Stitches

To sew is to pray. Men don’t understand this. They see the whole but they don’t see the stitches. They don’t see the speech of the creator in the work of the needle. We mend. We women turn things inside out and set things right. We salvage what we can of human garments and piece the rest into blankets. Sometimes our stitches stutter and slow. Only a woman’s eye can tell. Other times, the tension in the stitches might be too tight because of tears, but only we know what emotion went into the making. Only women can hear the prayer. from Louise Erdrich’s Four Souls. HarperCollins, 2004

Yes, it is summer so I read. And I take the traveling bookstore around to events in northwest Montana where mostly I set up at farmers markets. When not reading or doing the traveling bookstore business, I work on a quilt these days. I am not a very experienced quilter so it feels a bit odd and definitely awkward. It could be called an art quilt although that seems pretentious. It will be a quilt that can cover someone’s bed, can be wrapped around you on a chilly evening as you read. It is made from fabric and gloves people gave me. I am trying to get the stitching right.

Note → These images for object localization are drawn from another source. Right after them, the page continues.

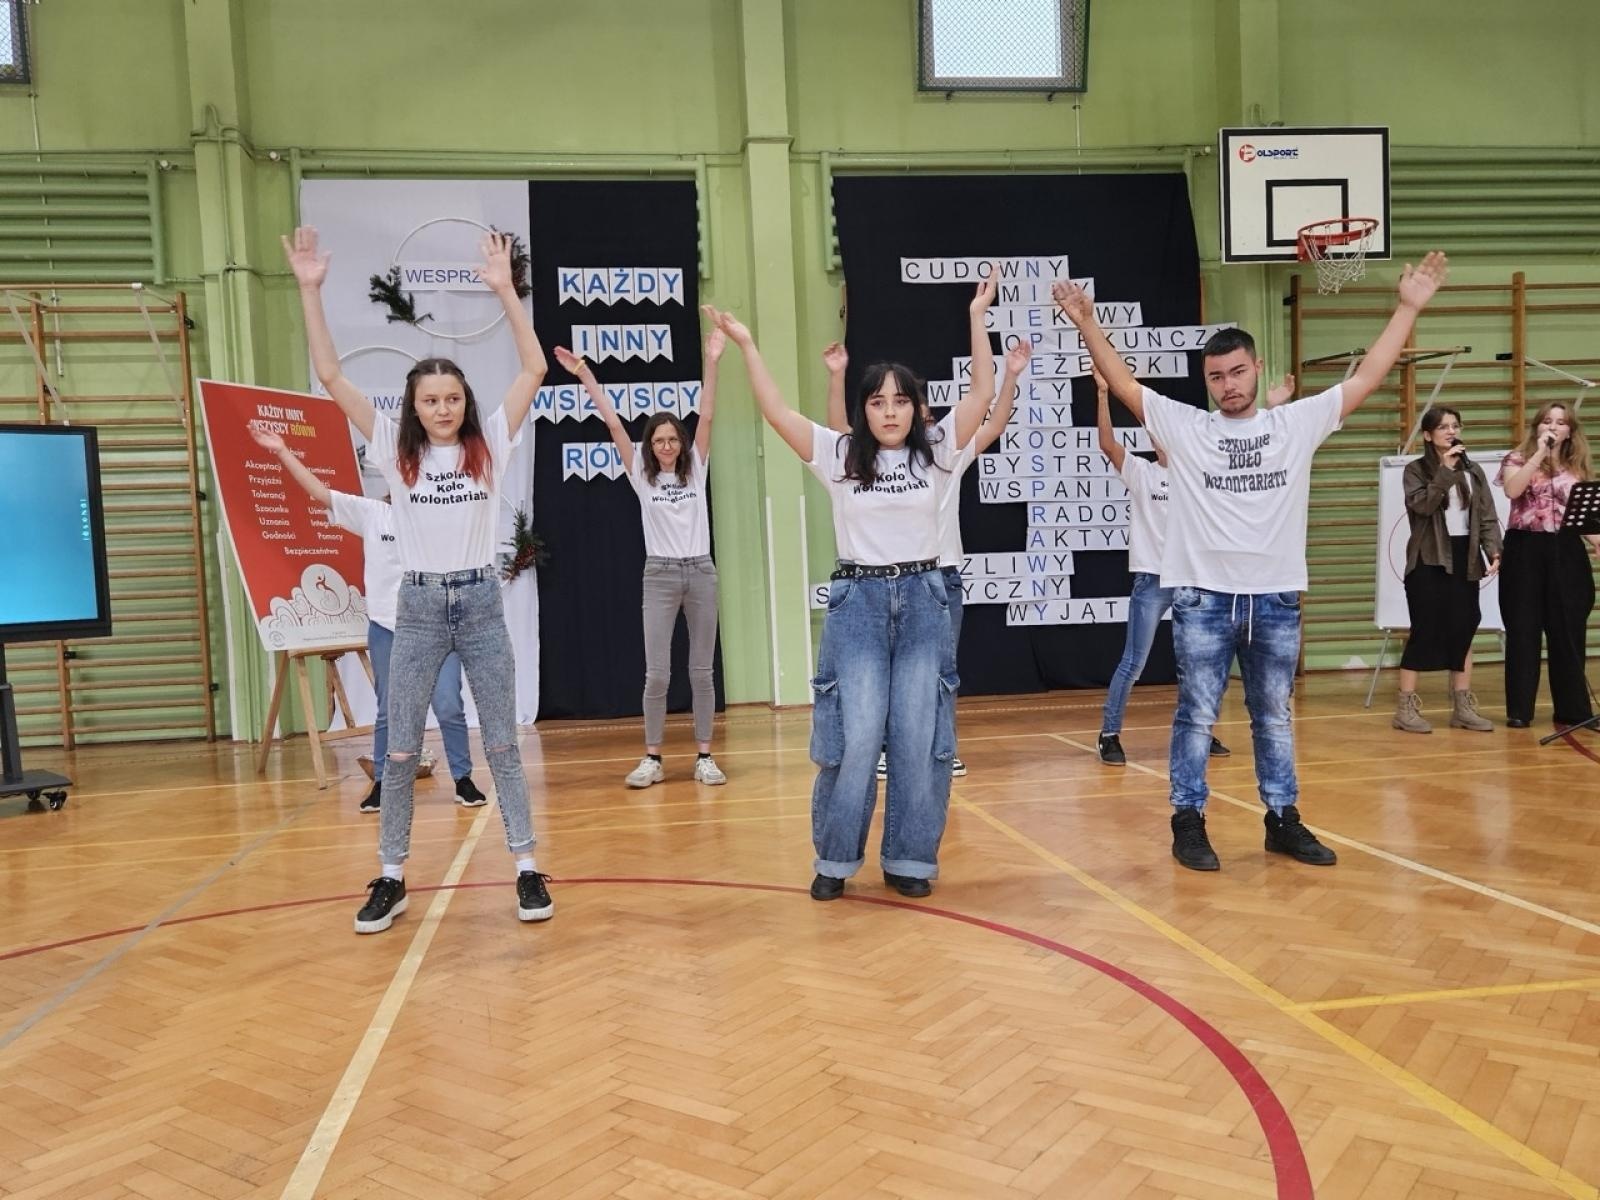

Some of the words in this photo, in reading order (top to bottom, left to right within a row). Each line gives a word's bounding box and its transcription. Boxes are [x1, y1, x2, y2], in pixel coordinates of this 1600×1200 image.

[406, 269, 482, 284] WESPRZ
[905, 260, 1063, 280] CUDOWNY
[562, 268, 680, 294] KAŻDY
[985, 306, 1136, 328] CIEKWY
[582, 329, 668, 351] INNY
[1005, 327, 1220, 351] OPIEKUŃCZ
[257, 404, 284, 419] KAŻDY
[1006, 430, 1137, 449] KOCHN
[983, 454, 1112, 475] BYSTRY
[961, 554, 1068, 575] ZLIWY
[1008, 601, 1118, 625] WYJĄT

It made sense at that beginning to call it a pandemic quilt. That doesn’t capture it all now as I sew. Initially the idea came from gloves we wore to keep ourselves and our communities healthy, and also the stark physical isolation as many people stopped hugging, stopped shaking hands. Yet circumstances unfolded – or became more vivid. At the beginning it was about a virus but expanded into a lack of leadership and into Black Lives Matter and then older women linking arms to protect protestors. My neighbor across the street put a “Faith Over Fear” sign in her front yard. A thirty-year-old Congresswoman gave a speech that spoke to power. Many foreign borders are now closed to Americans.

I sew a quilt. I make books available to people. I hope for the best, but know we each must contribute to make that happen.